Task details: Exact copy, pictures excluded: reproduce every record below.

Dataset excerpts
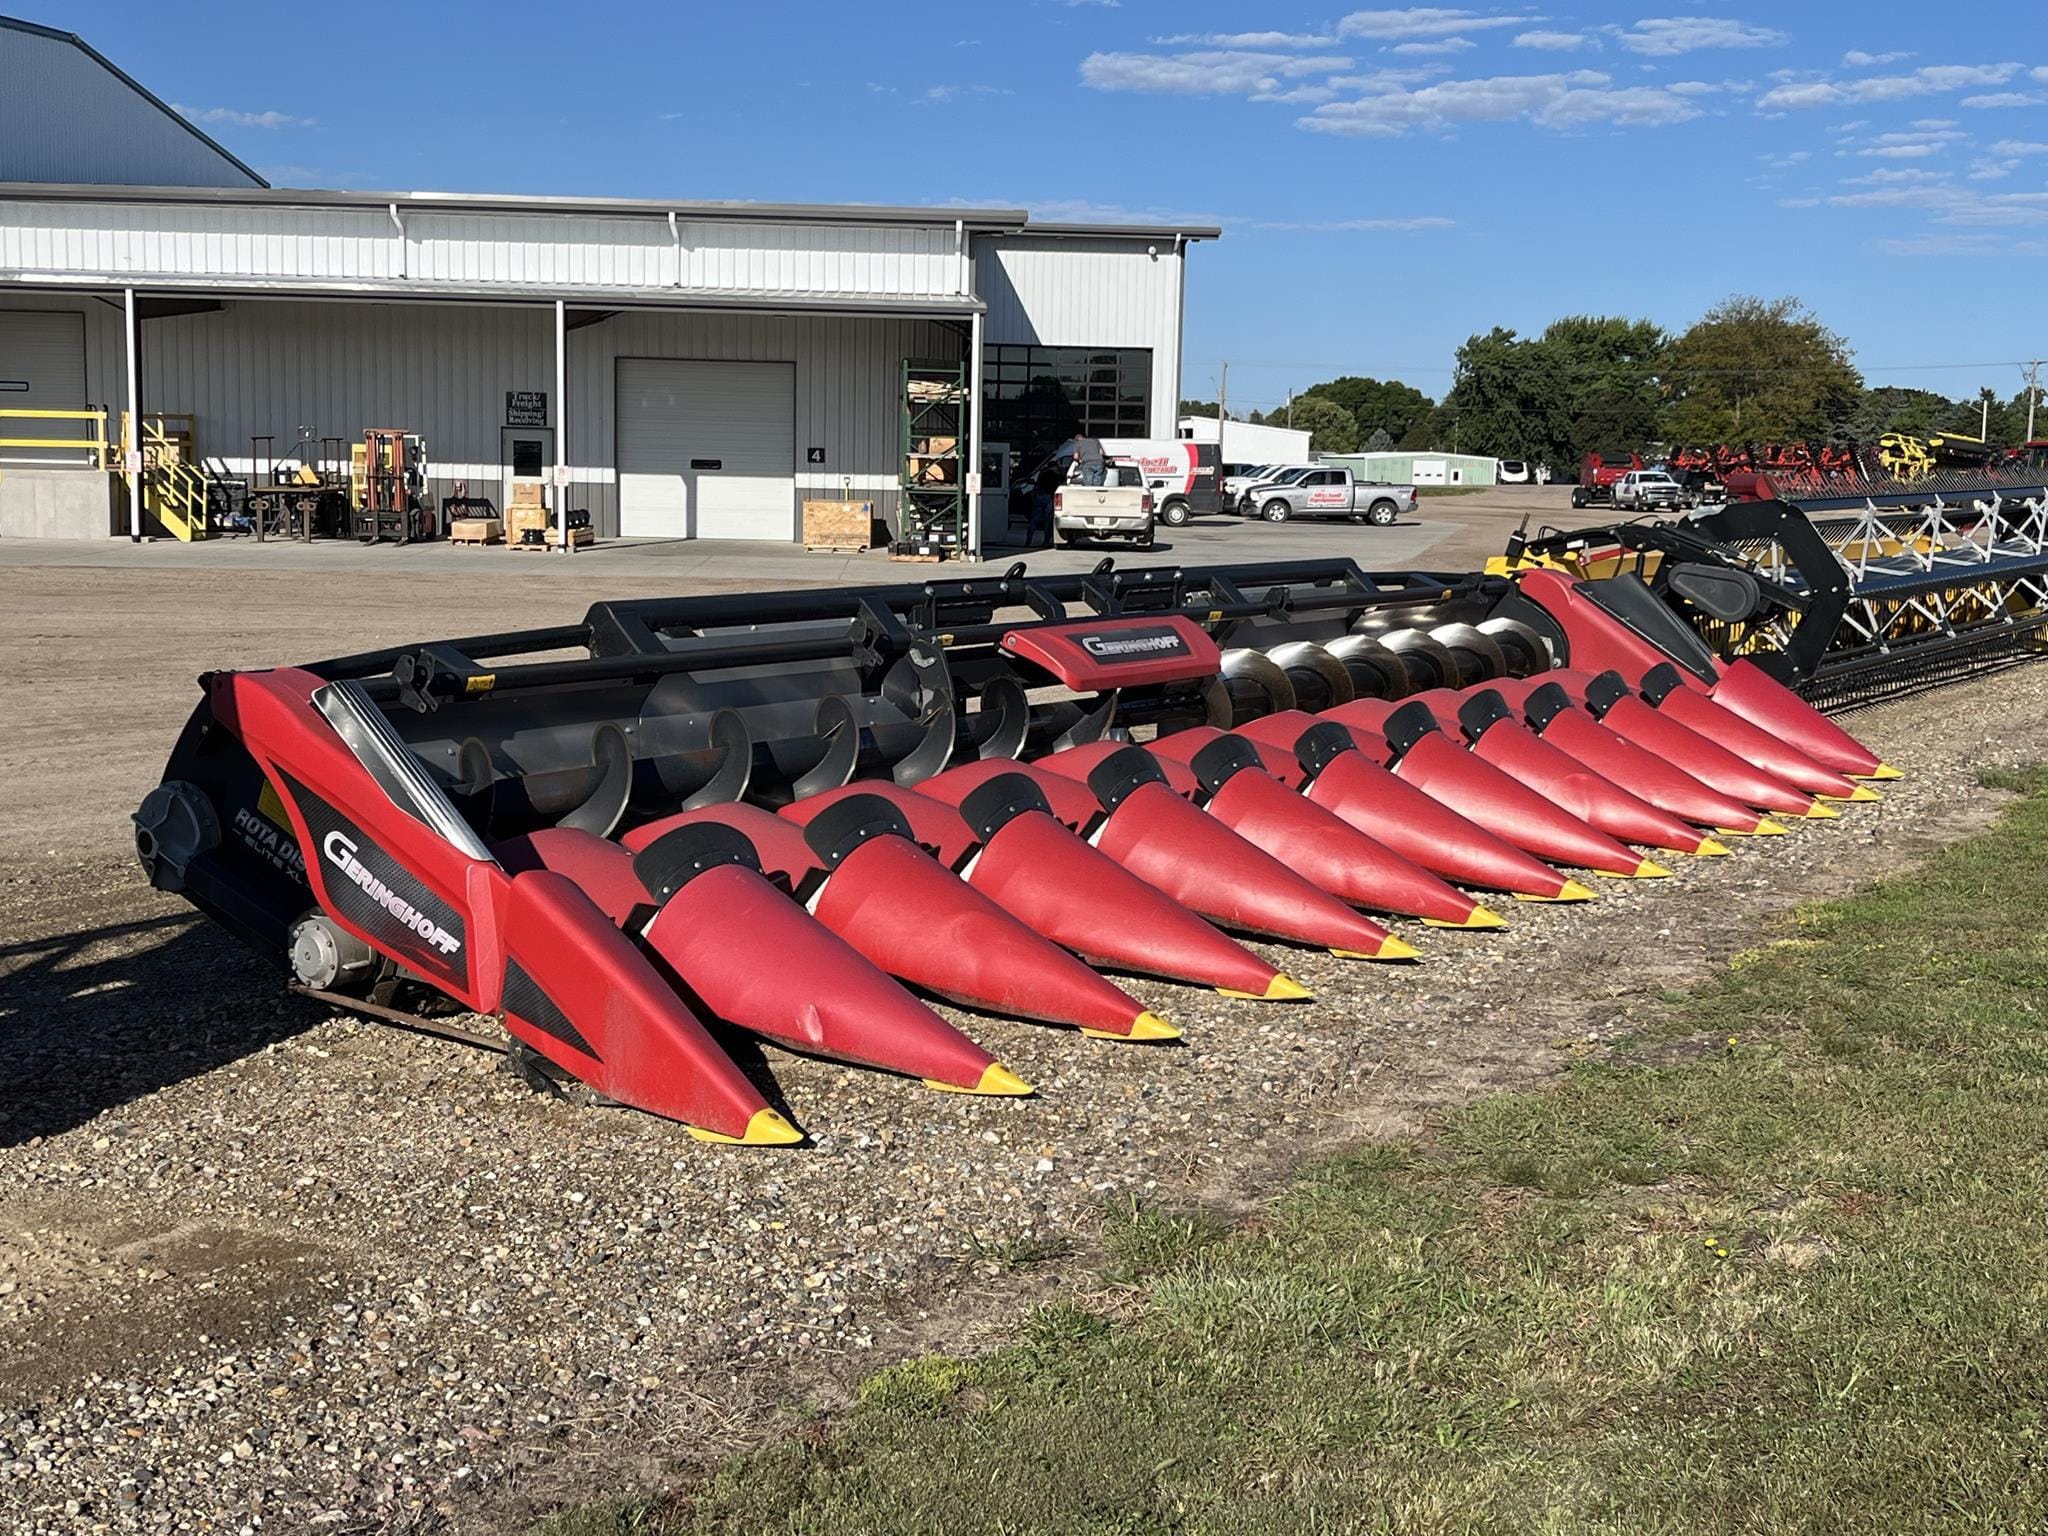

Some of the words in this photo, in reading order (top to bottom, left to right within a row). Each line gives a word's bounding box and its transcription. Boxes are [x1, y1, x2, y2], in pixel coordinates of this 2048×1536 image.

[512, 392, 541, 401] Truck/
[512, 399, 542, 409] Freight
[508, 409, 545, 419] Shipping/
[508, 417, 545, 426] Receiving
[811, 450, 821, 462] 4
[234, 807, 279, 850] ROTA
[277, 840, 306, 872] DIS
[244, 835, 284, 870] ELITE
[285, 865, 303, 885] XL
[323, 830, 462, 955] GERINGHOFF
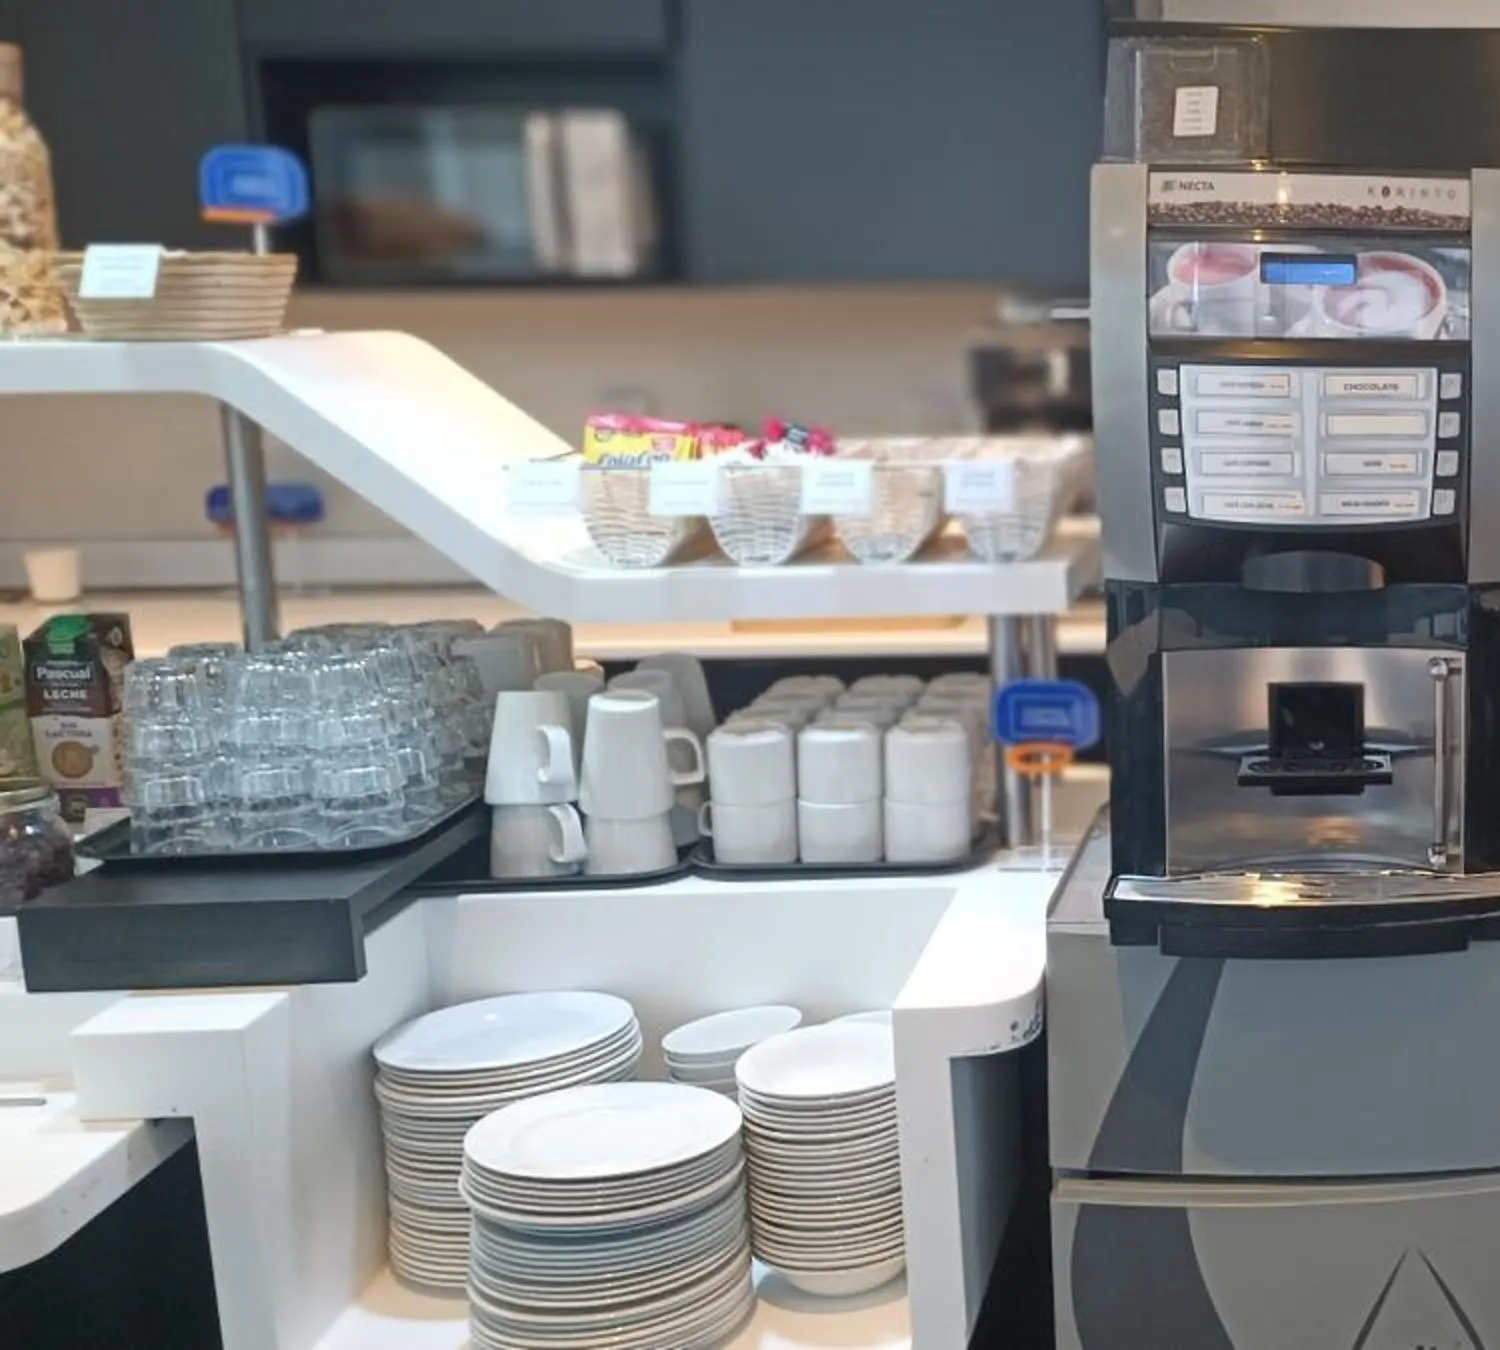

Written answer:
Some of the words in this photo, in reading order (top to bottom, left to right within a row). Each line gives a word's bounding box and its transcription. Boxes are [x1, y1, x2, y2], in pixel coordinates of this 2048×1536 image.

[512, 392, 541, 401] Truck/
[512, 399, 542, 409] Freight
[508, 409, 545, 419] Shipping/
[508, 417, 545, 426] Receiving
[811, 450, 821, 462] 4
[234, 807, 279, 850] ROTA
[277, 840, 306, 872] DIS
[244, 835, 284, 870] ELITE
[285, 865, 303, 885] XL
[323, 830, 462, 955] GERINGHOFF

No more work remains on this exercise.